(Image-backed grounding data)
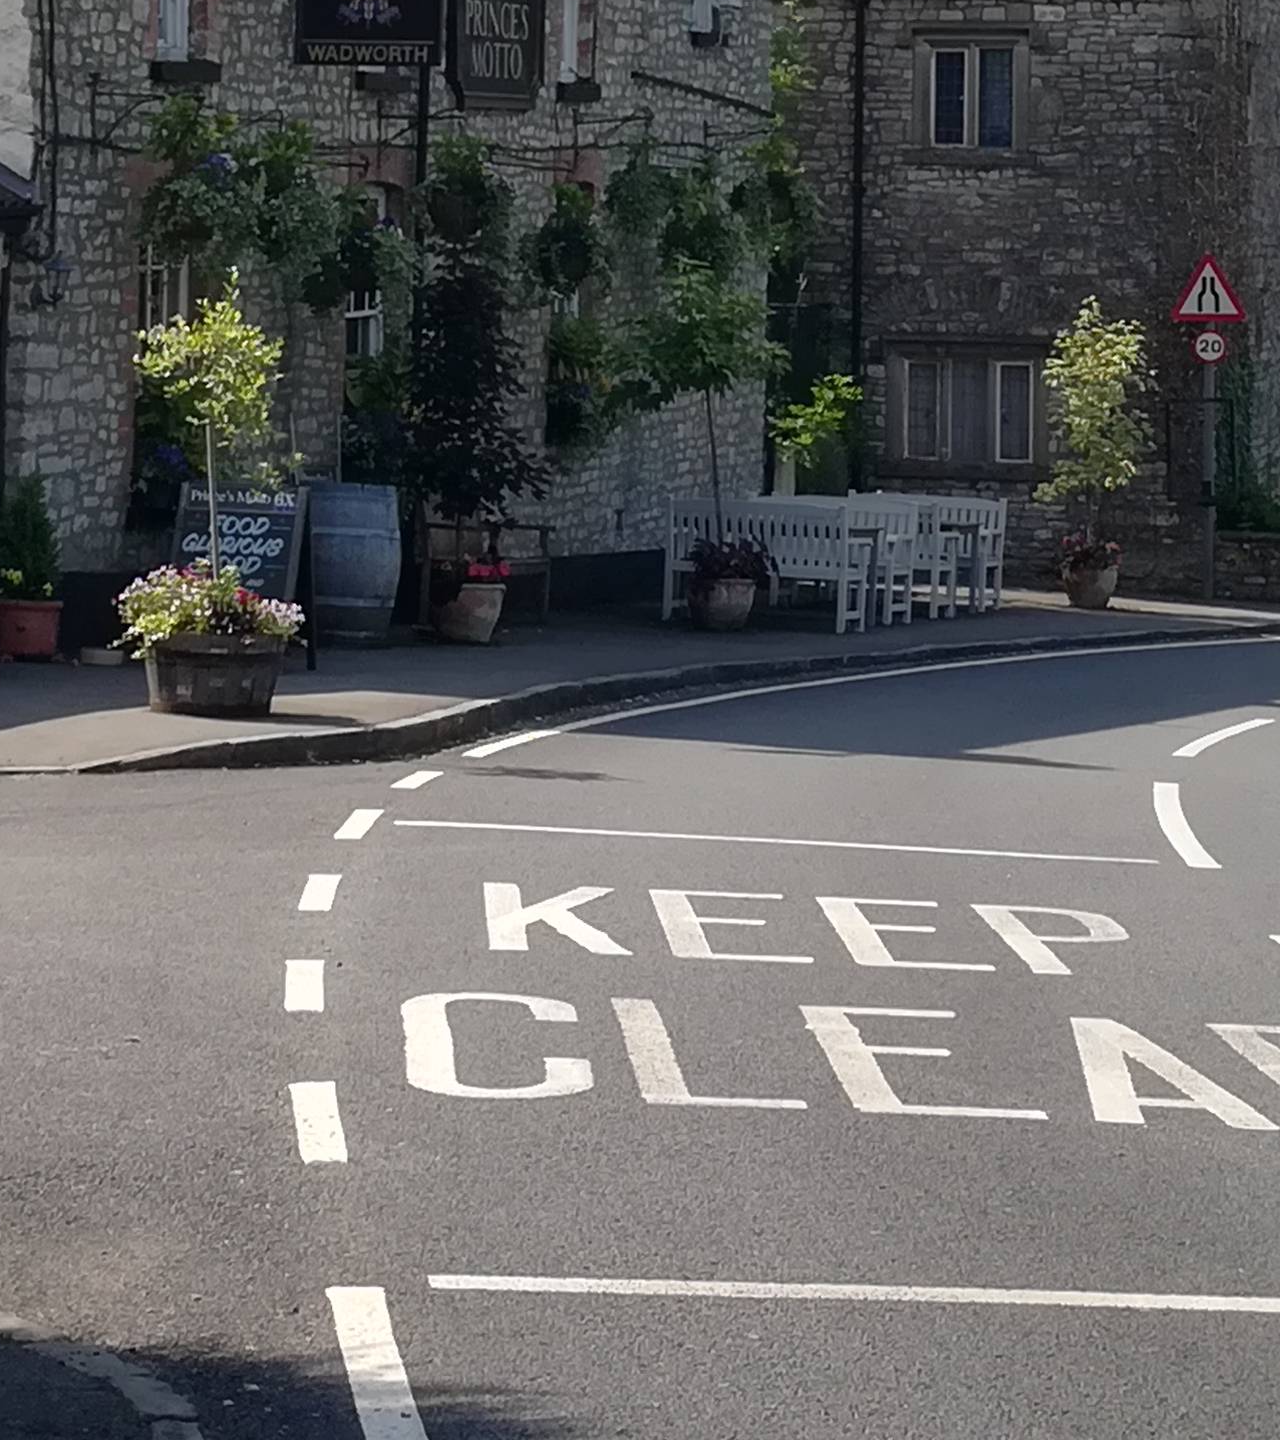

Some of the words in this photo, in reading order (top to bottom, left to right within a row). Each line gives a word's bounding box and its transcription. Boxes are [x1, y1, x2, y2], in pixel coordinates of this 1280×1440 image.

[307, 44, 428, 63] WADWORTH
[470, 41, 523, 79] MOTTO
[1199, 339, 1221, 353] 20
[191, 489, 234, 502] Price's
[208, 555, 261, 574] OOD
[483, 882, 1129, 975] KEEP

### [EXERCISE DESCRIPTION]
The records above must all be output exactly. Omit the images.

### [EXPECTED ANSWER]
Some of the words in this photo, in reading order (top to bottom, left to right within a row). Each line gives a word's bounding box and its transcription. Boxes are [x1, y1, x2, y2], in pixel coordinates of this 1280×1440 image.

[307, 44, 428, 63] WADWORTH
[470, 41, 523, 79] MOTTO
[1199, 339, 1221, 353] 20
[191, 489, 234, 502] Price's
[208, 555, 261, 574] OOD
[483, 882, 1129, 975] KEEP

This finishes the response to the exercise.